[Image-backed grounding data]
======
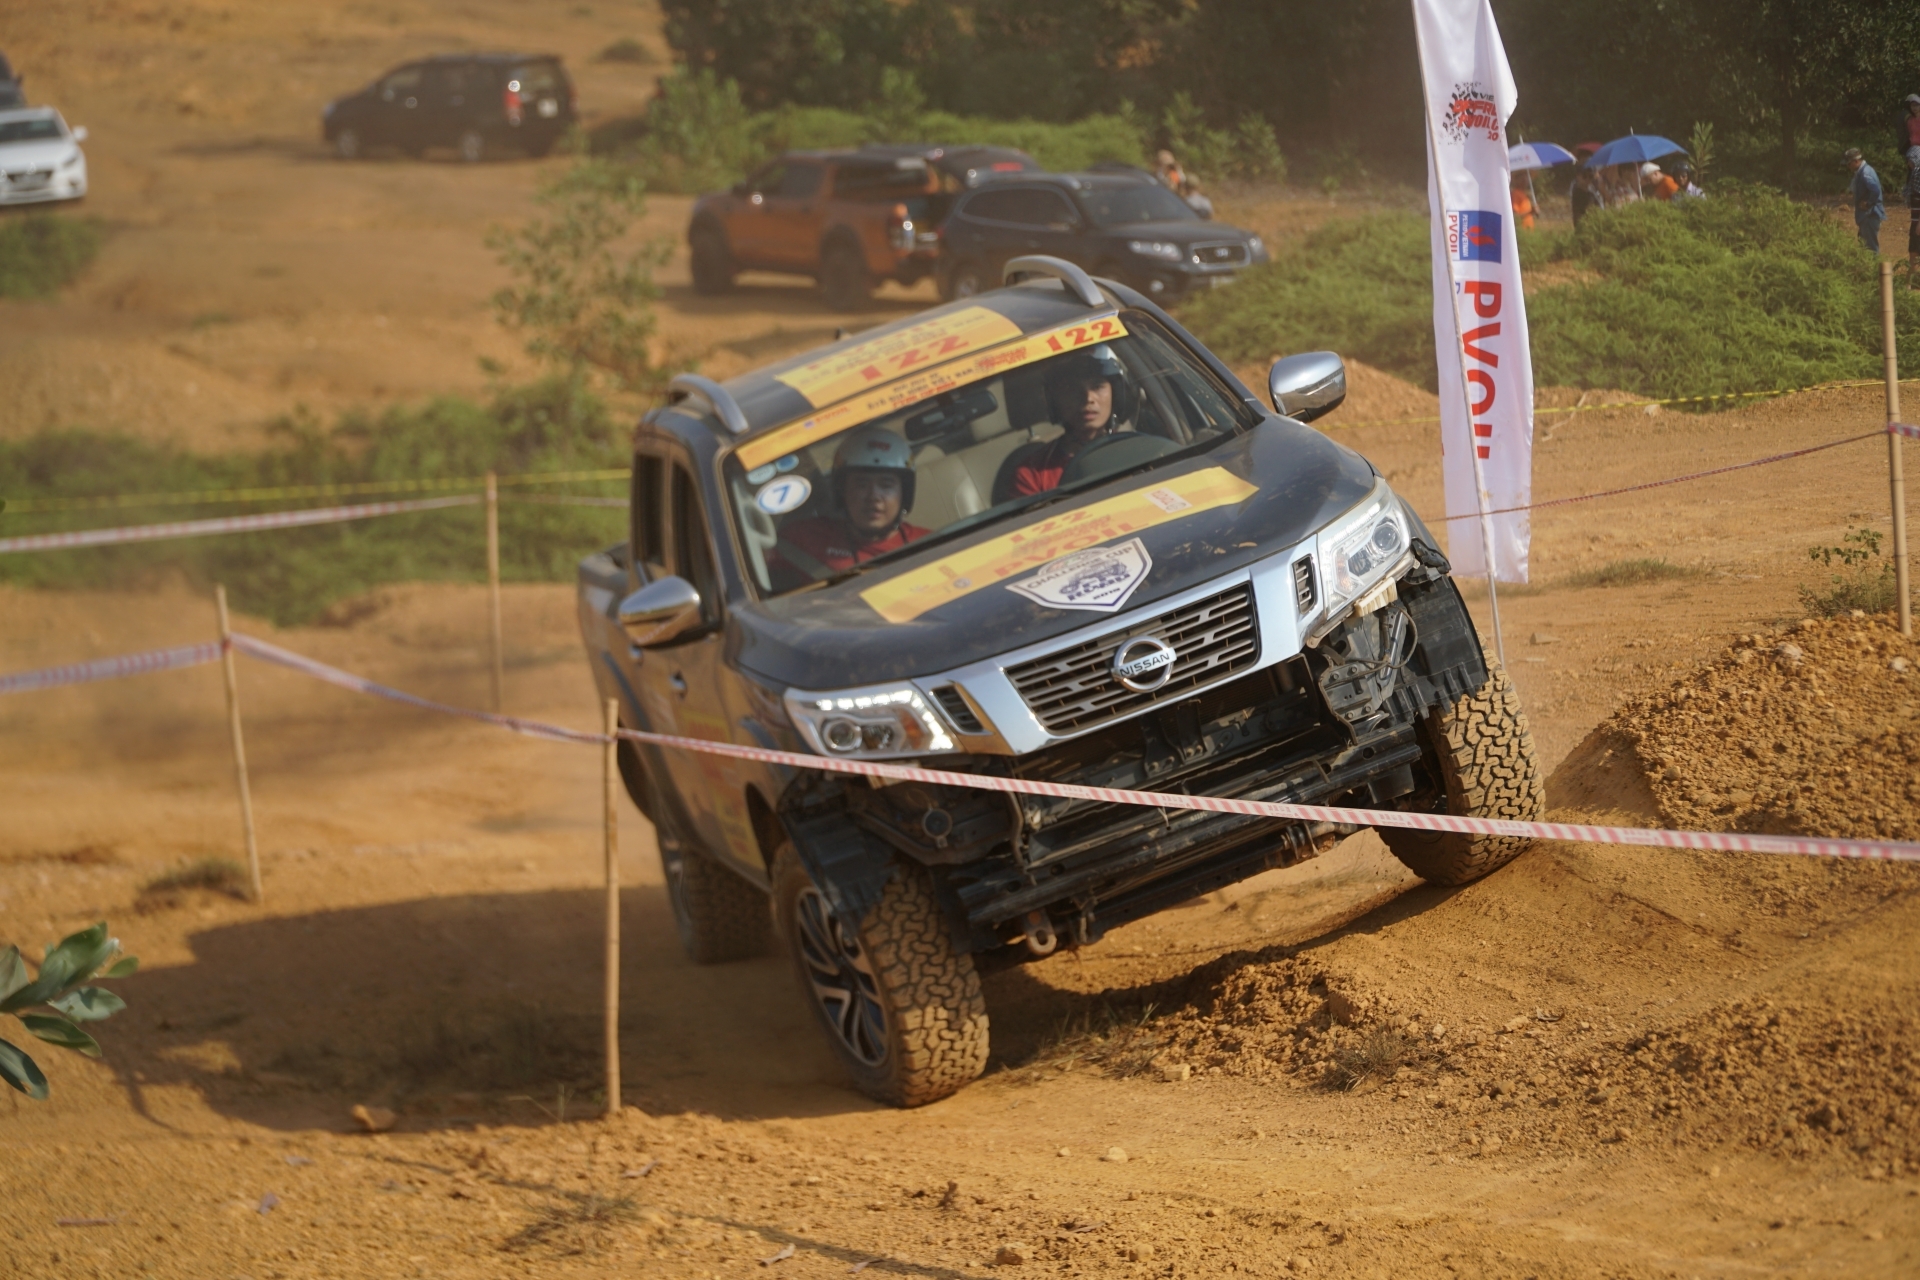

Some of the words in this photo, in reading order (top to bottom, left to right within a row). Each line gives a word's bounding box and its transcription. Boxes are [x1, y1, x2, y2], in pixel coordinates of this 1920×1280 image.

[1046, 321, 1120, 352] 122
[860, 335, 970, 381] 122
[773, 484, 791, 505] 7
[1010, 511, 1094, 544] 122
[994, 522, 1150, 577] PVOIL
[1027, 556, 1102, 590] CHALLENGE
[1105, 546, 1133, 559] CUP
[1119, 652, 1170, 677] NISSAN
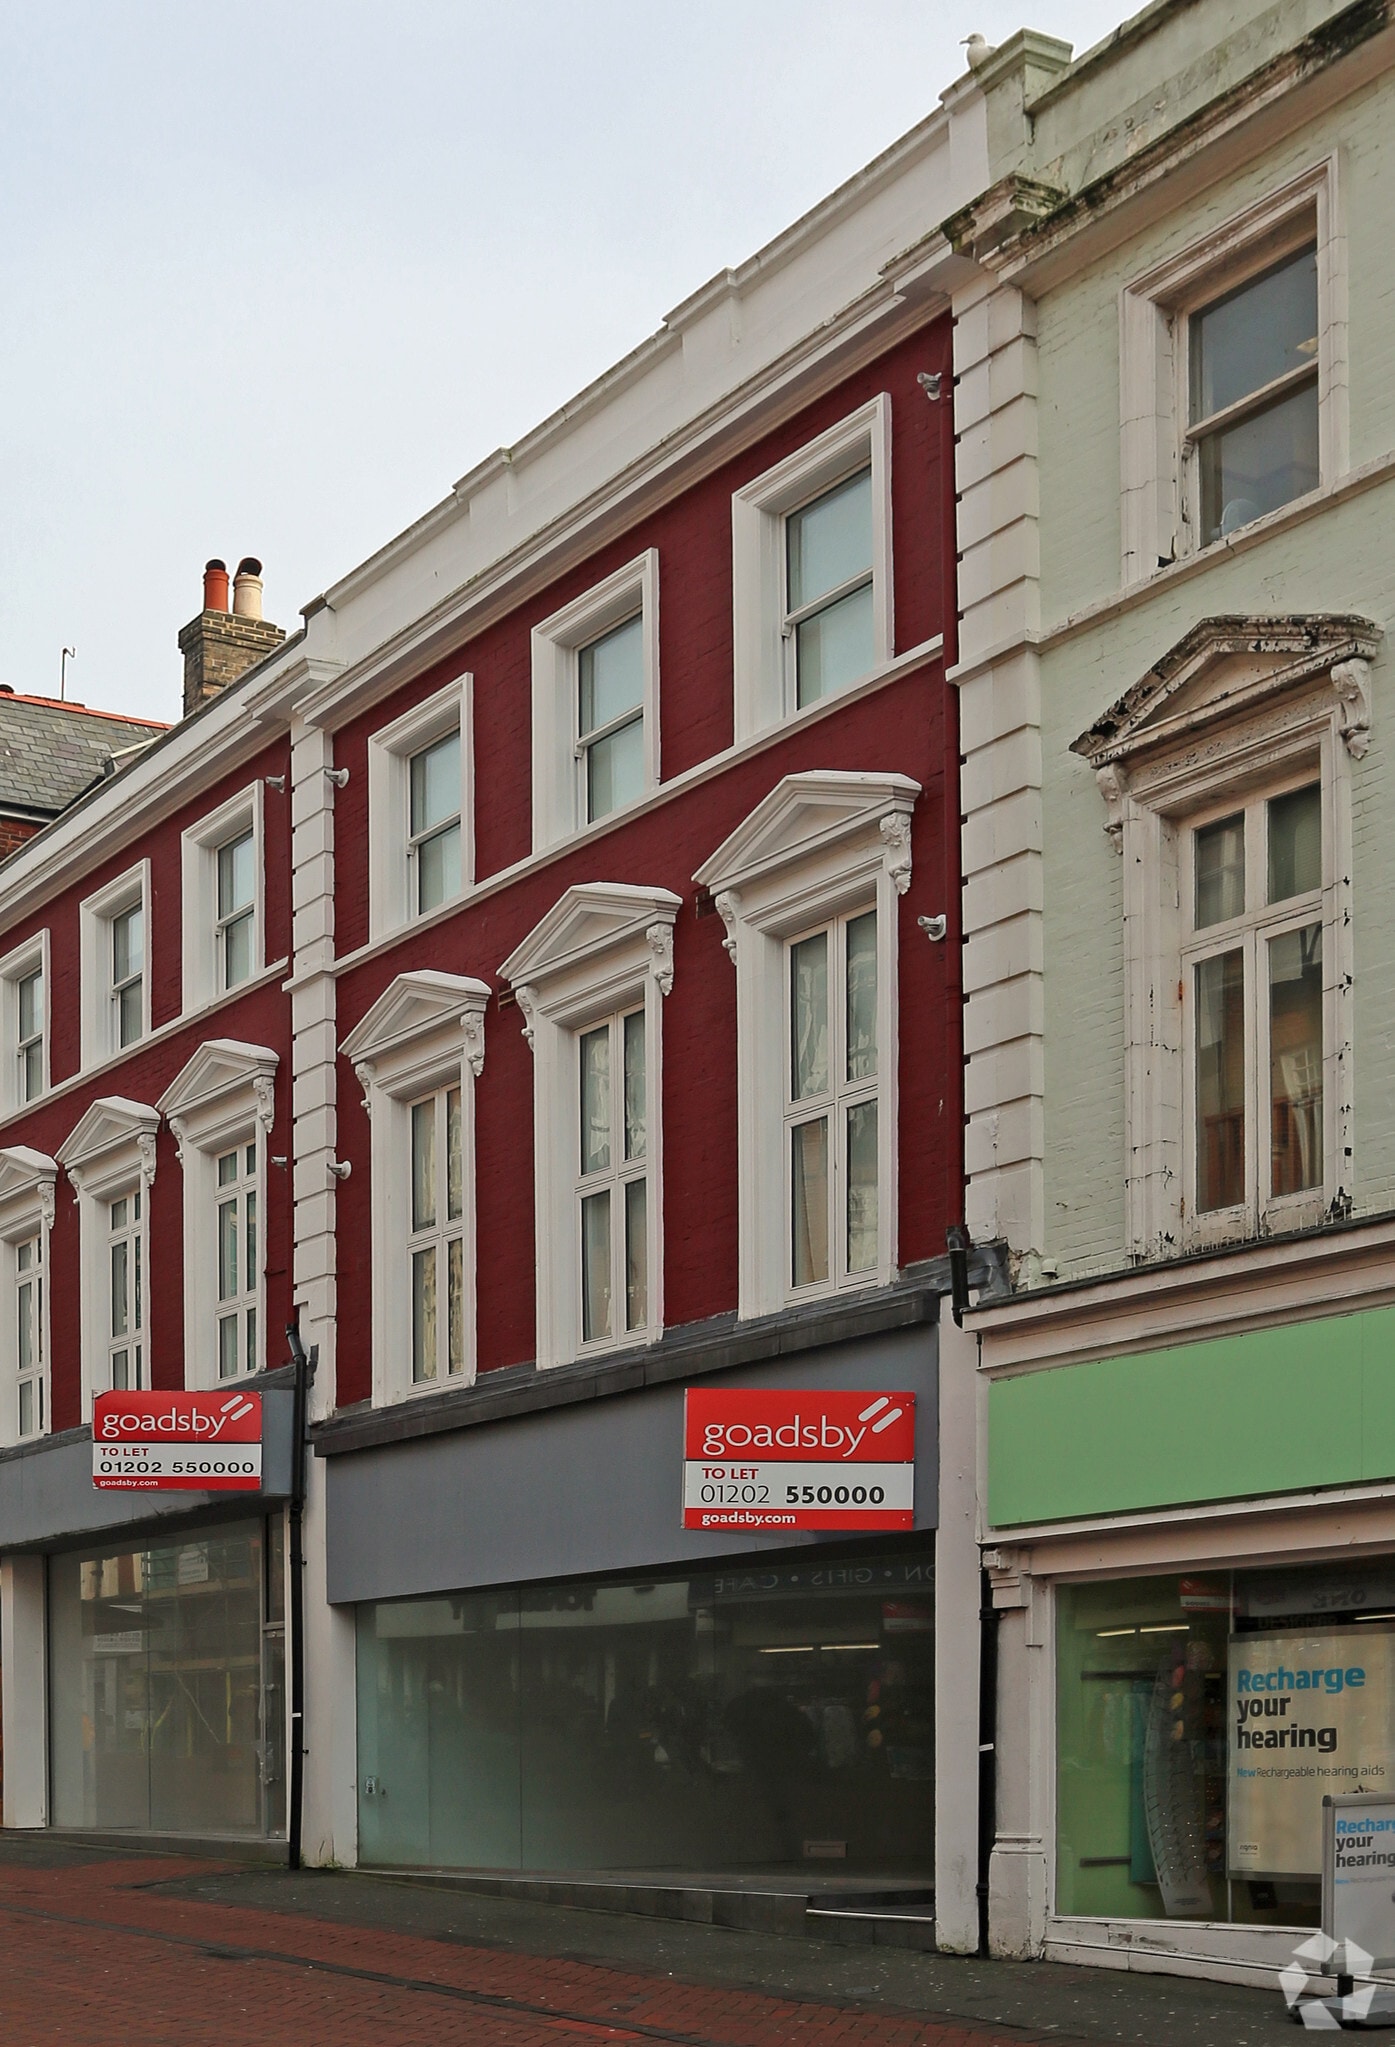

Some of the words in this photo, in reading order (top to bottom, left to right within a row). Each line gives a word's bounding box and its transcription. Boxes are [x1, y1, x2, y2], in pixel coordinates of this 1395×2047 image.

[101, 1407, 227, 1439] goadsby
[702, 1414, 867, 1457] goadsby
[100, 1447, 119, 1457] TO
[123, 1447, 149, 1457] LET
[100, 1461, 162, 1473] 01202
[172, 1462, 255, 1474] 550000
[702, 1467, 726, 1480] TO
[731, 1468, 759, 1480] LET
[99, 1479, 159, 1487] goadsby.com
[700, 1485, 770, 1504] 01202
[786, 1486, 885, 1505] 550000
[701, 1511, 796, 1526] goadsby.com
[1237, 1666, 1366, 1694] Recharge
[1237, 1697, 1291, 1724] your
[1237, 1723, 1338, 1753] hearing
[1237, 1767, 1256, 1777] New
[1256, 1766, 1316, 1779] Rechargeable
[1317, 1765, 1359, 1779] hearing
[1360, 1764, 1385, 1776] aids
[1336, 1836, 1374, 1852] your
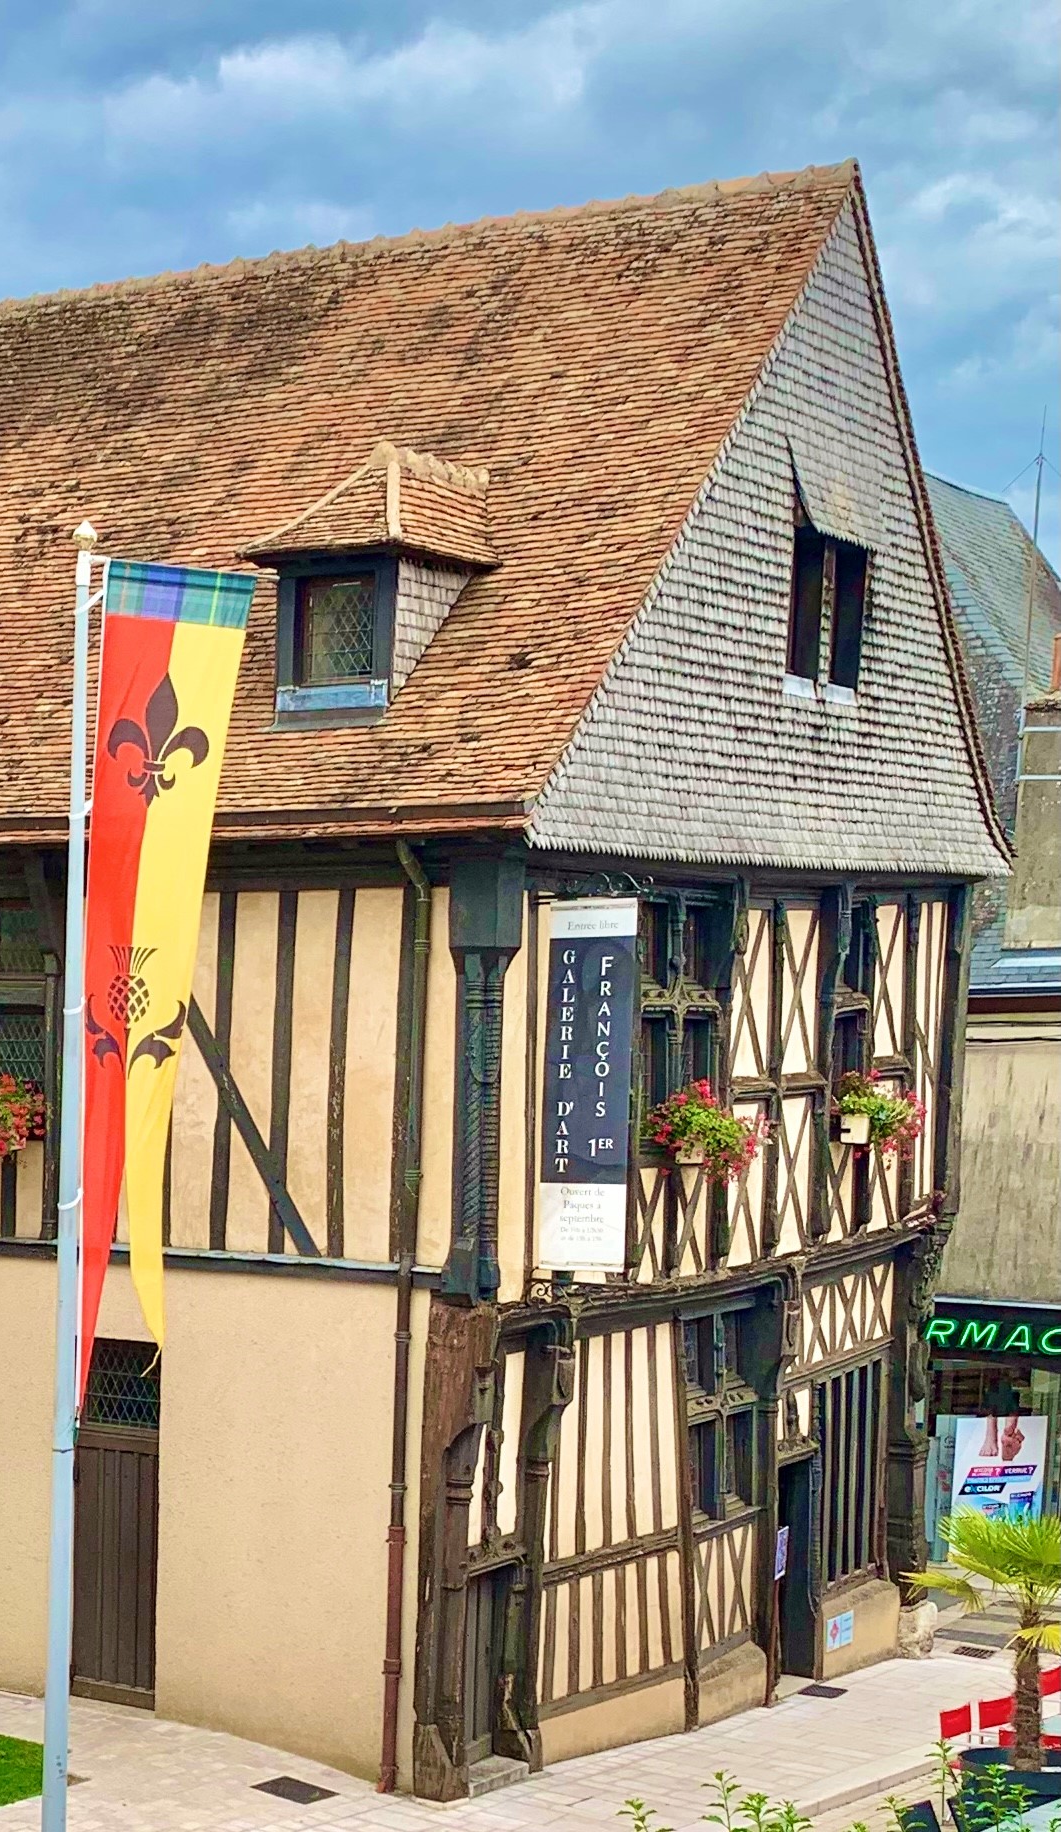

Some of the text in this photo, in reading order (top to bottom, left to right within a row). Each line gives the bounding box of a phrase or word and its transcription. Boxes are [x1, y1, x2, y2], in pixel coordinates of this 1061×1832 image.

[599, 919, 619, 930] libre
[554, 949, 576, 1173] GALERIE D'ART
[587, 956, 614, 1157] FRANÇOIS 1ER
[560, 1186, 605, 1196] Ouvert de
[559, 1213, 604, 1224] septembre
======
### EXERCISE DESCRIPTION
Quote the data above in full, leaving out the pictures it holds.

### WRITTEN SOLUTION
Some of the words in this photo, in reading order (top to bottom, left to right within a row). Each line gives a word's bounding box and its transcription. Boxes are [x1, y1, x2, y2], in pixel coordinates of this 1920×1280 image.

[1046, 321, 1120, 352] 122
[860, 335, 970, 381] 122
[773, 484, 791, 505] 7
[1010, 511, 1094, 544] 122
[994, 522, 1150, 577] PVOIL
[1027, 556, 1102, 590] CHALLENGE
[1105, 546, 1133, 559] CUP
[1119, 652, 1170, 677] NISSAN

Some of the words in this photo, in reading order (top to bottom, left to right within a row). Each line gives a word's bounding box and its transcription. Boxes are [x1, y1, x2, y2], in pixel coordinates of this 1395×2047 image.

[101, 1407, 227, 1439] goadsby
[702, 1414, 867, 1457] goadsby
[100, 1447, 119, 1457] TO
[123, 1447, 149, 1457] LET
[100, 1461, 162, 1473] 01202
[172, 1462, 255, 1474] 550000
[702, 1467, 726, 1480] TO
[731, 1468, 759, 1480] LET
[99, 1479, 159, 1487] goadsby.com
[700, 1485, 770, 1504] 01202
[786, 1486, 885, 1505] 550000
[701, 1511, 796, 1526] goadsby.com
[1237, 1666, 1366, 1694] Recharge
[1237, 1697, 1291, 1724] your
[1237, 1723, 1338, 1753] hearing
[1237, 1767, 1256, 1777] New
[1256, 1766, 1316, 1779] Rechargeable
[1317, 1765, 1359, 1779] hearing
[1360, 1764, 1385, 1776] aids
[1336, 1836, 1374, 1852] your

Some of the text in this photo, in reading order (top to bottom, left to right within a row). Each line gives the bounding box of a phrase or word and its transcription. Boxes are [x1, y1, x2, y2], in pixel coordinates of this 1061×1832 image.

[599, 919, 619, 930] libre
[554, 949, 576, 1173] GALERIE D'ART
[587, 956, 614, 1157] FRANÇOIS 1ER
[560, 1186, 605, 1196] Ouvert de
[559, 1213, 604, 1224] septembre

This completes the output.